The Flying Carpet

Sunday, February 05, 2006

Borderlines and Antisocials


Borderlines and Antisocials are the most common personality dissorders I have encountered in my prison employment experience. The term "Borderline" harks back to the early stages of Psychiatry when this patient population was thought to be borderline psychotic. The Bible of Psychiatry, the Diagnostic and Statistical Manual, defines Borderline Personality Disorder as the following: Rapid changes in mood, intense unstable interpersonal relationships, marked impulsively, instability in affect, and instability in self image as indicated by at least five of the following:

*Going to about any lengths to avoid real or imagined abandonment.
*Intense unstable interpersonal relationships characterized by changing between idealization and devaluation the relationship.
*Lack of ones own identity. A marked instability of self image or the sense of self.
*Impulsively in two or more areas that are self damaging. These may included abuse, sex, spending, eating, driving reckless, or etc.
*Recurrent gestures, self mutilation, suicidal behavior, or threats.
*Instability in affect.
*Marked feelings of emptiness.
*Frequent displays of anger due to a difficulty in control.
*Dissociative or paranoid

Borderlines are very difficult to work with. They can very quickly draw in the people around them either with charm or manipulation of sympathy. These are the ones that will tell you that you are their favorite nurse and nobody can take care of them the way you can. Whenever I hear these words it is chilling. You will be their favorite nurse for awhile, then when you displease them, they will often refuse treatment from you or stop speaking to you. After some time has passed, suddenly you are the best nurse in the world again. Borderlines are also the cutters. Yes, the inmates get razors in prison for shaving purposes, so there is plenty of opportunity without having to go to all the trouble to pull off a piece of the desk and sharpen it.

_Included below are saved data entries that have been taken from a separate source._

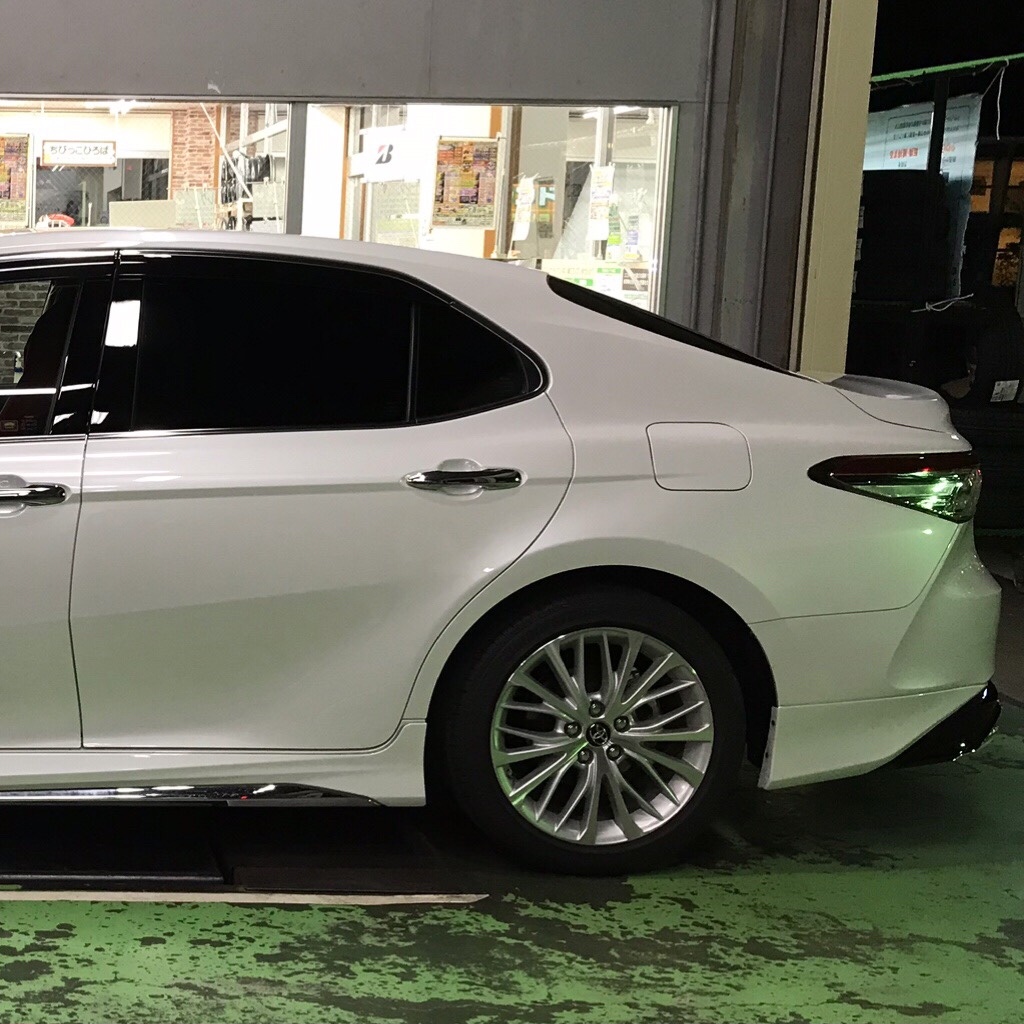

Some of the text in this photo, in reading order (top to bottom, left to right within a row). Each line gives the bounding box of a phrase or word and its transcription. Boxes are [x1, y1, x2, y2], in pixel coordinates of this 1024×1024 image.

[49, 144, 109, 155] ちびっこひろば
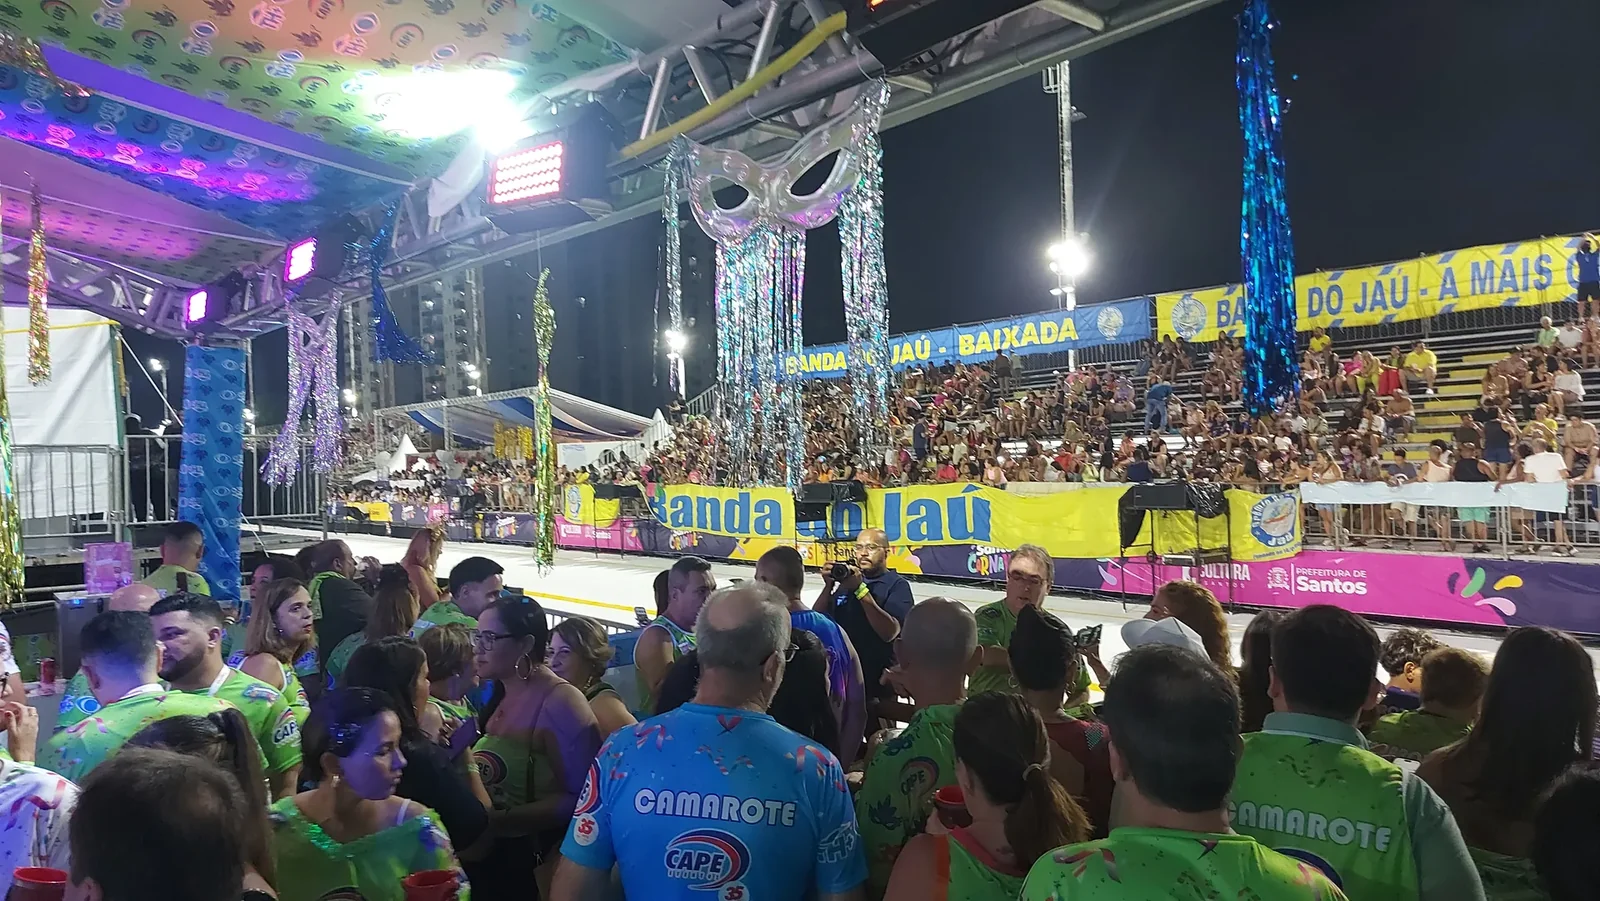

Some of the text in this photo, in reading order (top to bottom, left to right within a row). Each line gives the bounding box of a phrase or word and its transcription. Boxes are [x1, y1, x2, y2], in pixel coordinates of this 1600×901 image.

[1307, 284, 1344, 318] DO
[1438, 266, 1460, 301] A
[1470, 254, 1553, 296] MAIS
[957, 316, 1080, 357] BAIXADA
[883, 484, 991, 543] Jaú
[1295, 567, 1367, 579] PREFEITURA DE
[1296, 575, 1367, 595] Santos
[273, 721, 298, 744] CAP
[634, 788, 798, 827] CAMAROTE
[664, 847, 727, 874] CAPE

One of the interesting features of working in a prison is the high density of Antisocials, otherwise known as Sociopaths. The DSM defines Antisocial Personality Disorder as a disregard for and violation of the right's of others, those right's considered normal by the local culture, as indicated by at least three of the following:

A. Repeated acts that could lead to arrest.
B. Conning for pleasure or profit, repeated lying, or the use of aliases.
C. Failure to plan ahead or being impulsive.
D. Repeated assaults on others.
E. Reckless when it comes to their or others safety.
F. Poor work behavior or failure to honor financial obligations.
G. Rationalizing the pain they inflict on others.

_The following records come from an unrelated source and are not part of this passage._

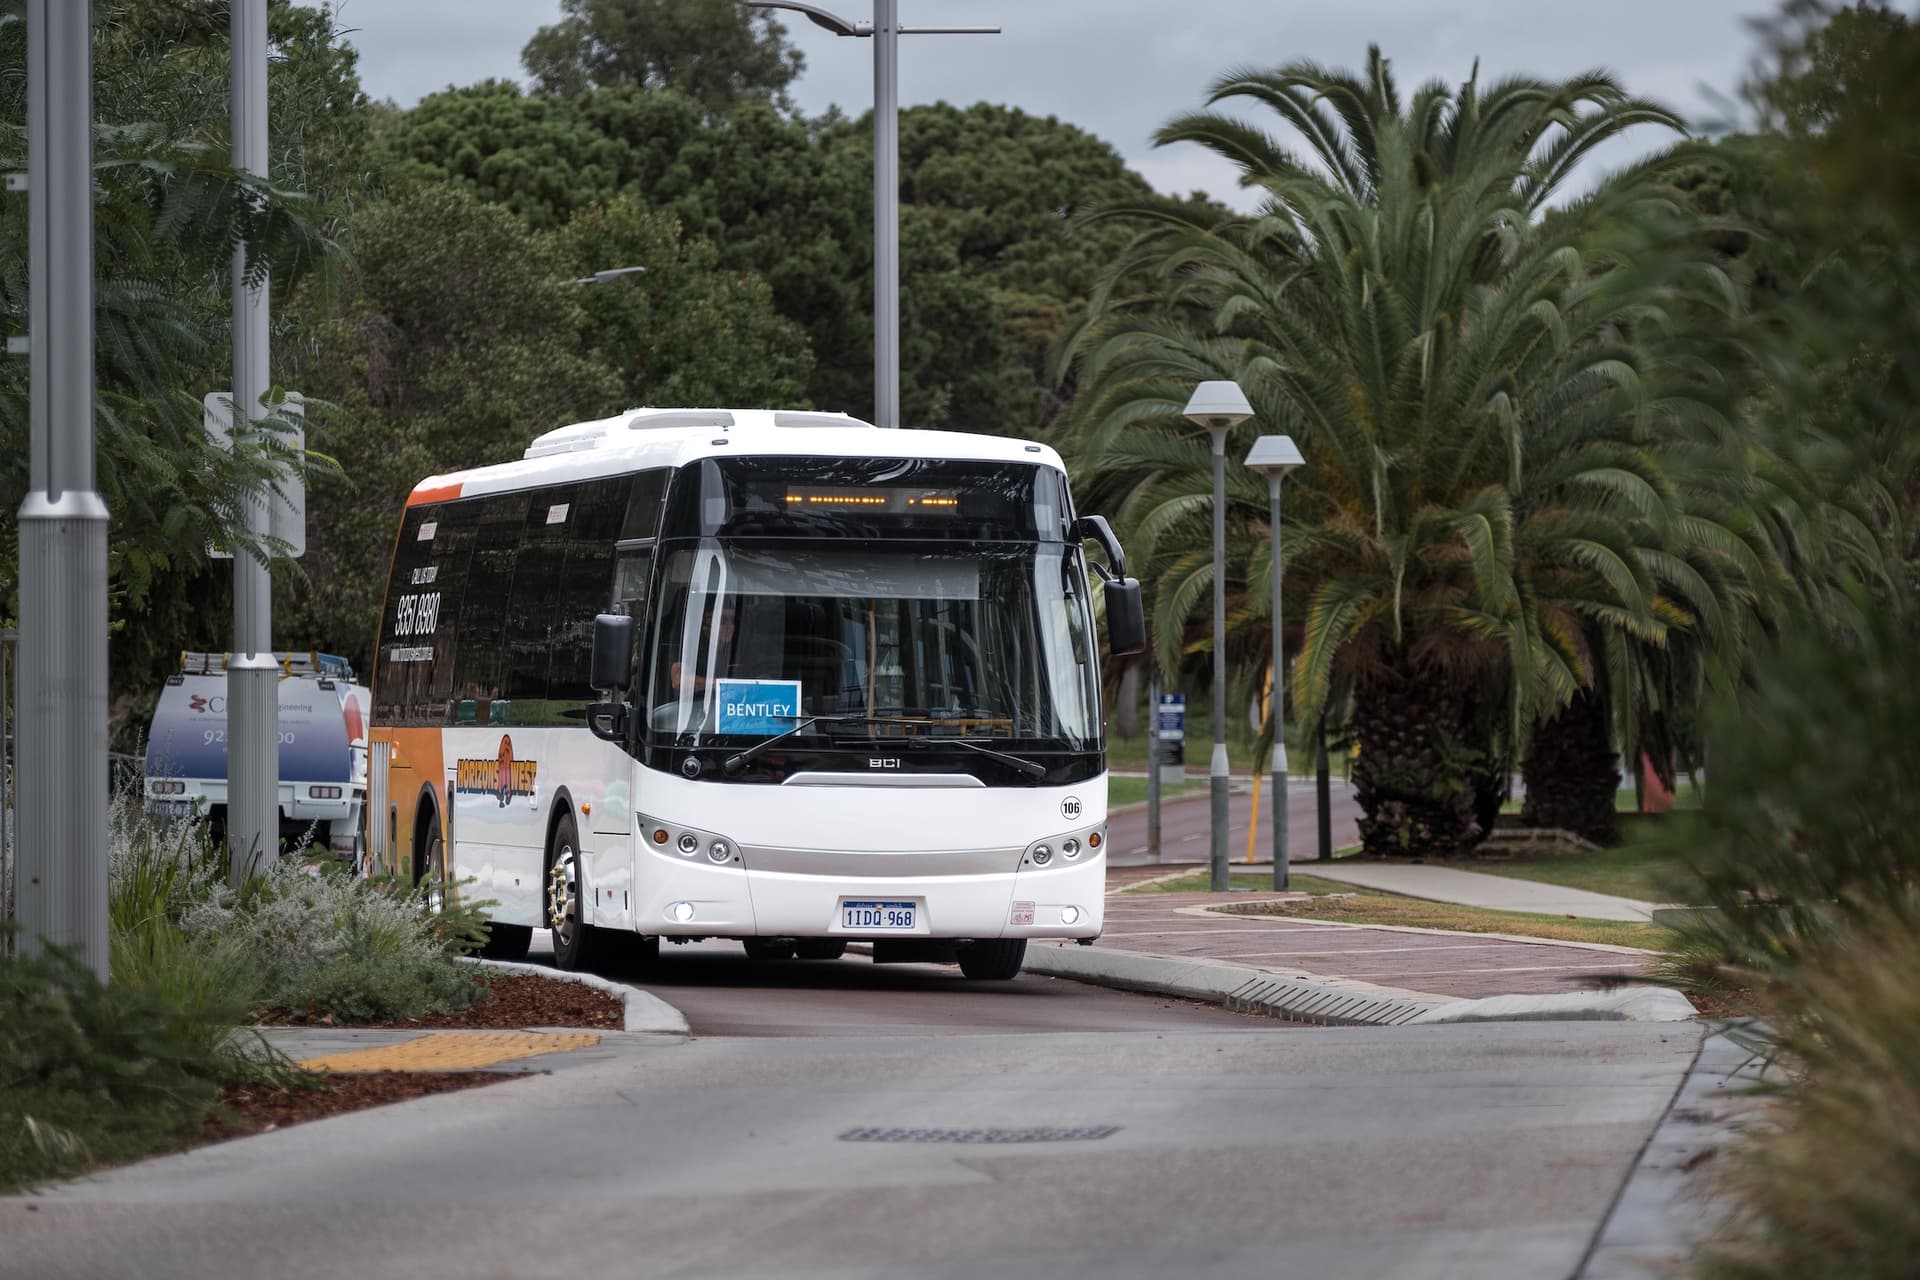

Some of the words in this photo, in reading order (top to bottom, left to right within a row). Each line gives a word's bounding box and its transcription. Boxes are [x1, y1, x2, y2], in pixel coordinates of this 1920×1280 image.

[395, 594, 418, 636] 9357
[415, 592, 441, 635] 8980
[727, 703, 791, 717] BENTLEY
[869, 758, 900, 768] BCI
[457, 759, 500, 790] HORIZONS
[510, 760, 537, 793] WEST
[1063, 802, 1080, 814] 106

The prison is full of Antisocials of varying intensities for obvious reasons. Borderlines manipulate your compassion, try to punish you, and try to hurt you. Antisocials try to control through intimidation. People often ask me if I ever feel afraid at work. I usually say "Rarely," but I don't say "never." Some Antisocials are charming, some are very abraisive. When you have to be near them to take vitals and examine them you feel a chill. I have one inmate, who is in for natural life, that I will not allow to walk behind me. I will not allow myself to be in a room with her where an officer cannot see me. This inmate happens to be the number one brittle diabetic of the facility, so I am frequently in contact with her.

It just so happens that the prison's diabetic problem child number two is a combination Borderline and Antisocial. Every since I led the code when she slit her wrists I have been subject to "favorite nurse" status. Picking someone up out of a pool of blood, bandaging them, cleaning them up, and sending them out is a very emotional experience. After she came back I got a call from the housing unit that her dressing was coming off and it was a few more hours till treatment line. The inmates aren't allowed to have medical supplies in their property, there is a twice daily treatment line for dressing changes, blood pressure checks, and weekly injections et cetera. So I called her over and changed the dressing. The wound was gaping so I applied some steri-strips, I thought it looked a bit infected so I refered her to the nurse practitioner. The treatment line does not have steri-strips, they only change the over-bandaging. Steri-strips can stay in place for a few days so at the end of my work week I called her back over to change the steri-strips. This was part of how I became "favorite nurse."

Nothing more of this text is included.